#### What is required:
Return all entries word for word, but drop any images.

#### Task input:
┌──

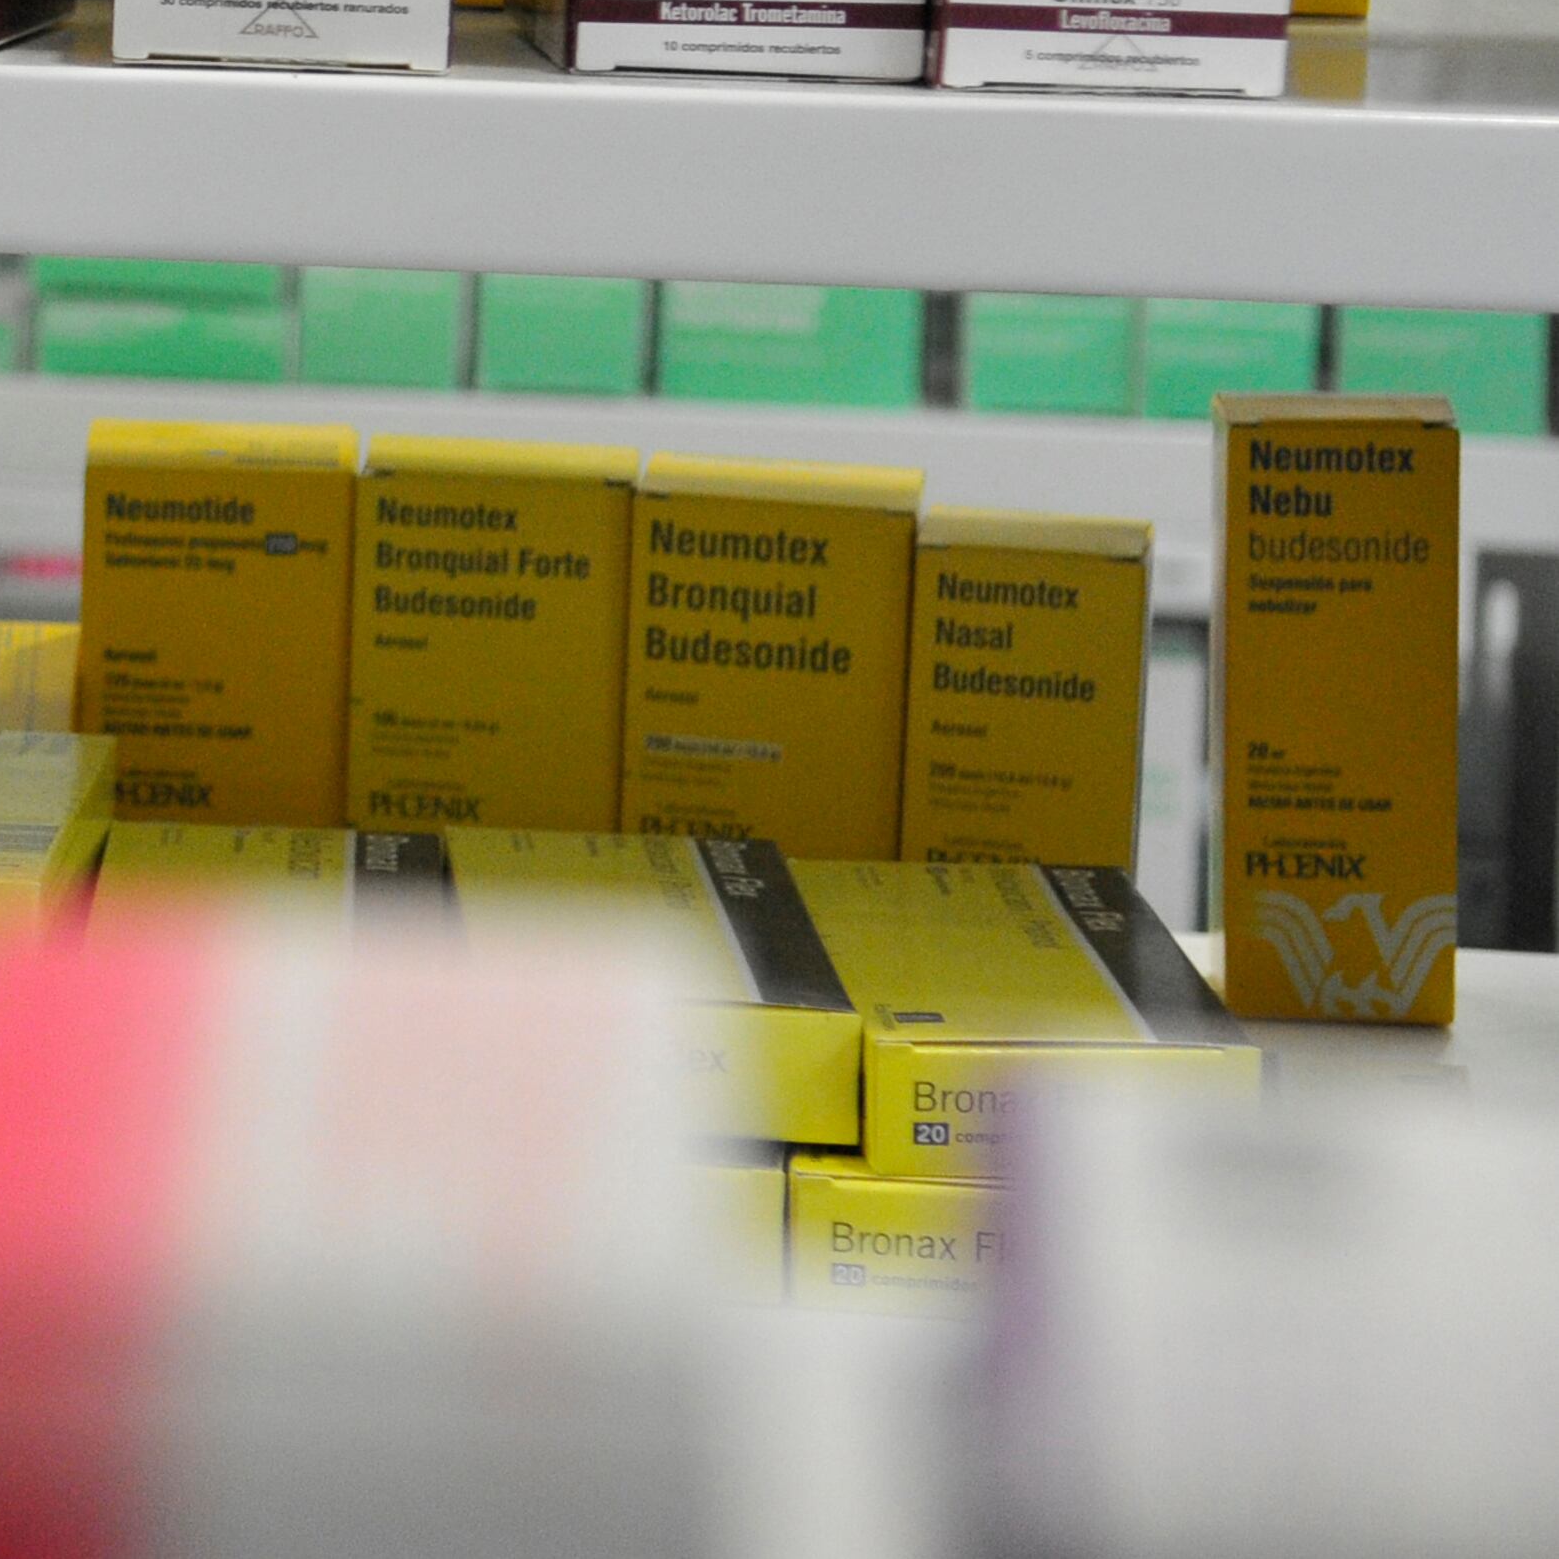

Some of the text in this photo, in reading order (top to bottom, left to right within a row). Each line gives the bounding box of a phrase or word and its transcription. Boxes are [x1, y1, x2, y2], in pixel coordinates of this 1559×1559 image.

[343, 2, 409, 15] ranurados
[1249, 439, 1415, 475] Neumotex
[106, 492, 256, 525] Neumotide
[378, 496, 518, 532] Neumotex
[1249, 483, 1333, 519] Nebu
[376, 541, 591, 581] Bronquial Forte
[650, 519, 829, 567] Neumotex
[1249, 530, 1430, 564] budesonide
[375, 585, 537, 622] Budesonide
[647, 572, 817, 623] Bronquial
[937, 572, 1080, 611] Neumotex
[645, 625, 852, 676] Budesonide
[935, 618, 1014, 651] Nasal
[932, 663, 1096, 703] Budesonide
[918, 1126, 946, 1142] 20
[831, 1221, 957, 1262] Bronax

└──

#### Result for this task:
Some of the text in this photo, in reading order (top to bottom, left to right within a row). Each line gives the bounding box of a phrase or word and its transcription. Boxes are [x1, y1, x2, y2], in pixel coordinates of this 1559×1559 image.

[343, 2, 409, 15] ranurados
[1249, 439, 1415, 475] Neumotex
[106, 492, 256, 525] Neumotide
[378, 496, 518, 532] Neumotex
[1249, 483, 1333, 519] Nebu
[376, 541, 591, 581] Bronquial Forte
[650, 519, 829, 567] Neumotex
[1249, 530, 1430, 564] budesonide
[375, 585, 537, 622] Budesonide
[647, 572, 817, 623] Bronquial
[937, 572, 1080, 611] Neumotex
[645, 625, 852, 676] Budesonide
[935, 618, 1014, 651] Nasal
[932, 663, 1096, 703] Budesonide
[918, 1126, 946, 1142] 20
[831, 1221, 957, 1262] Bronax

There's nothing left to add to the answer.